Understanding how to prevent the build-up of toxic tau in cell models

Research project: Cellular control of seeded protein aggregation by interferon-stimulated genes.

Lead Investigator: Dr Will McEwan 

  • Institution: University of Cambridge
  • Grant type: PhD Studentship
  • Duration: 36 months
  • Amount: ÂŁ85,000

Why did we fund this research?

Comments from our Research Network volunteers:

Great to see work on 'stopping' tau leading from the study of the role of interferon and viruses and with a clear long term possibility of identifying targets for future drug treatment.

Project summary

In Alzheimer’s disease there is a build-up of two proteins that researchers believe play a role in the the death of nerve cells in the brain – amyloid and tau.

When a cell is attacked by a virus it releases a substance called interferon. Interestingly this research team found that interferon prevents the build-up of tau and during this project want to understand more about how and why this takes place and if this might be the key to a new treatment for Alzheimer's disease.

The background 

The human body is made up of 30 trillion cells who must communicate with each other in order grow, survive and respond to new situations. 

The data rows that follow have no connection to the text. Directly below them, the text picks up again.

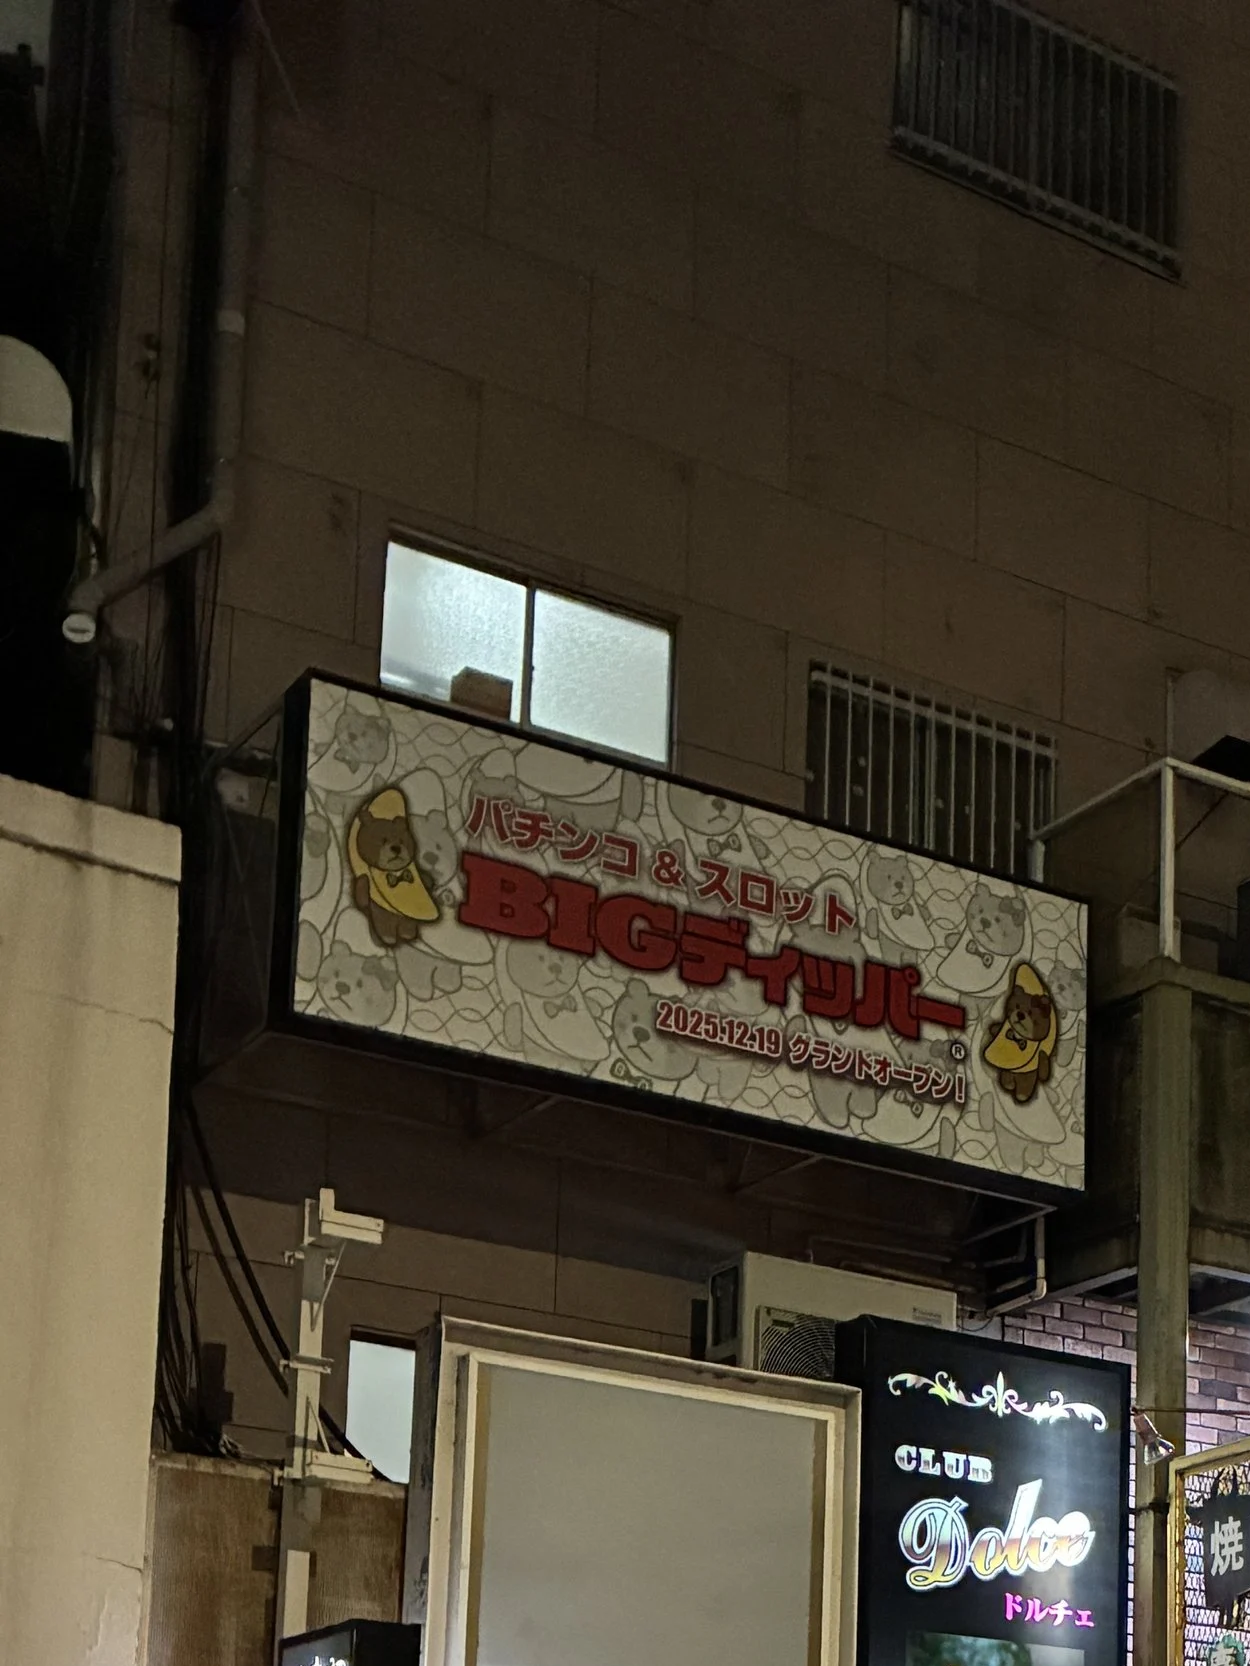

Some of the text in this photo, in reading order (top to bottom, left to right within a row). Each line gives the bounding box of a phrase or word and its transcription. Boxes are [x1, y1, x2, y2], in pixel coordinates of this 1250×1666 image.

[456, 851, 966, 1042] BIGディッパー
[656, 1001, 783, 1058] 2025.12.19
[894, 1443, 994, 1485] CLUB
[898, 1478, 1097, 1592] Dolce
[1002, 1592, 1097, 1630] ドルチェ
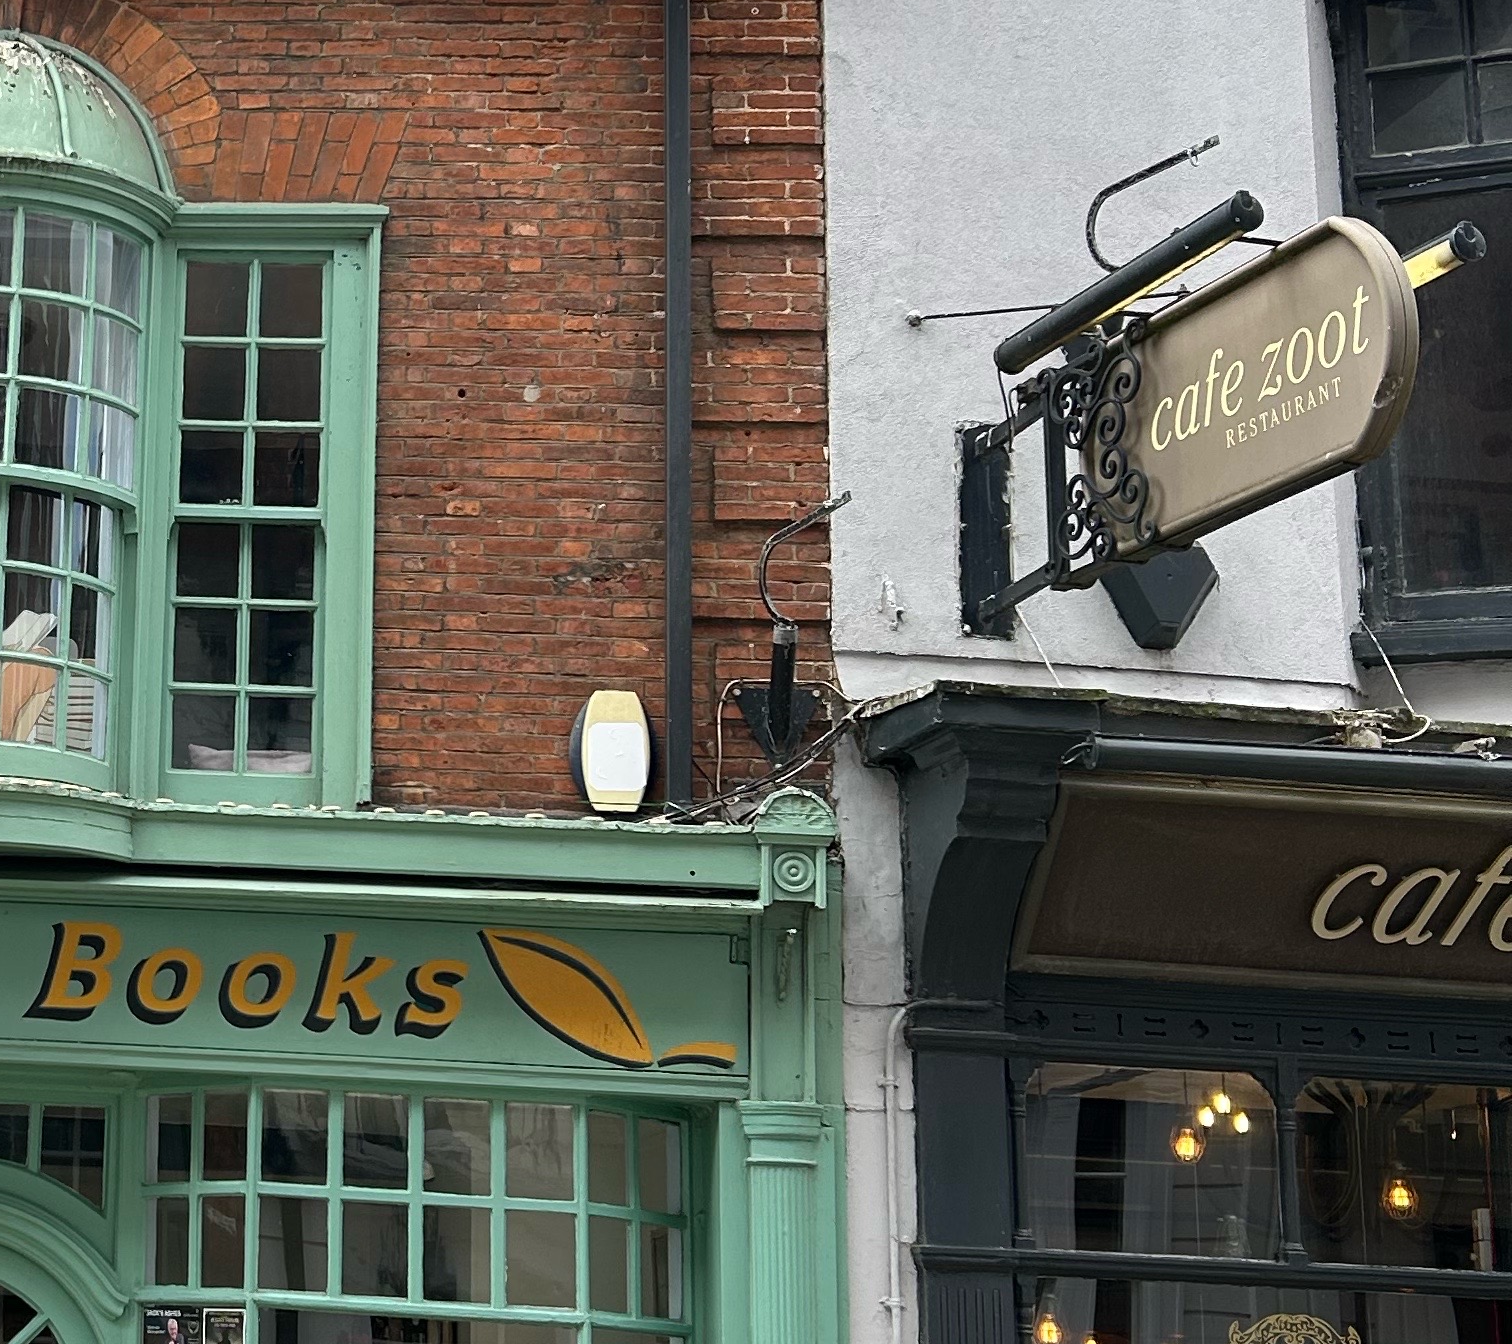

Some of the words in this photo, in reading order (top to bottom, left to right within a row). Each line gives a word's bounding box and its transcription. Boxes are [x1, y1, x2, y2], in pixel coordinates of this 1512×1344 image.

When a virus tries to infect a cell, that cell will respond by producing a substance called interferon, which it uses to communicate to its neighbouring cells that a threat has been detected. This interferon signal allows neighbouring cells to act to prevent further virus replication. 

In Alzheimer’s disease there is a build-up of two toxic proteins, amyloid and tau. This research team have discovered that this interferon signal causes cells to enter a state where the build-up of tau is inhibited.

What does this project involve?

In this project Dr McEwan will aim to understand exactly how and why interferon stops and protects against the build-up of tau. 

The team will collaborate with virologists at the University of Glasgow to investigate around 1,200 genes which could contribute to this protection against tau in cell models. Once they have identified the genes that appear to be protective they will study these genes in greater details to understand exactly how they prevent the build-up of tau and how relevant this might be to dementia.

How will this project help people with dementia?

This project will give the research team a comprehensive understanding of the role interferon in preventing the build-up of toxic tau in Alzheimer’s disease.

This knowledge could pave the way for this research team and others in the field to identify new drug targets for treatments in the future.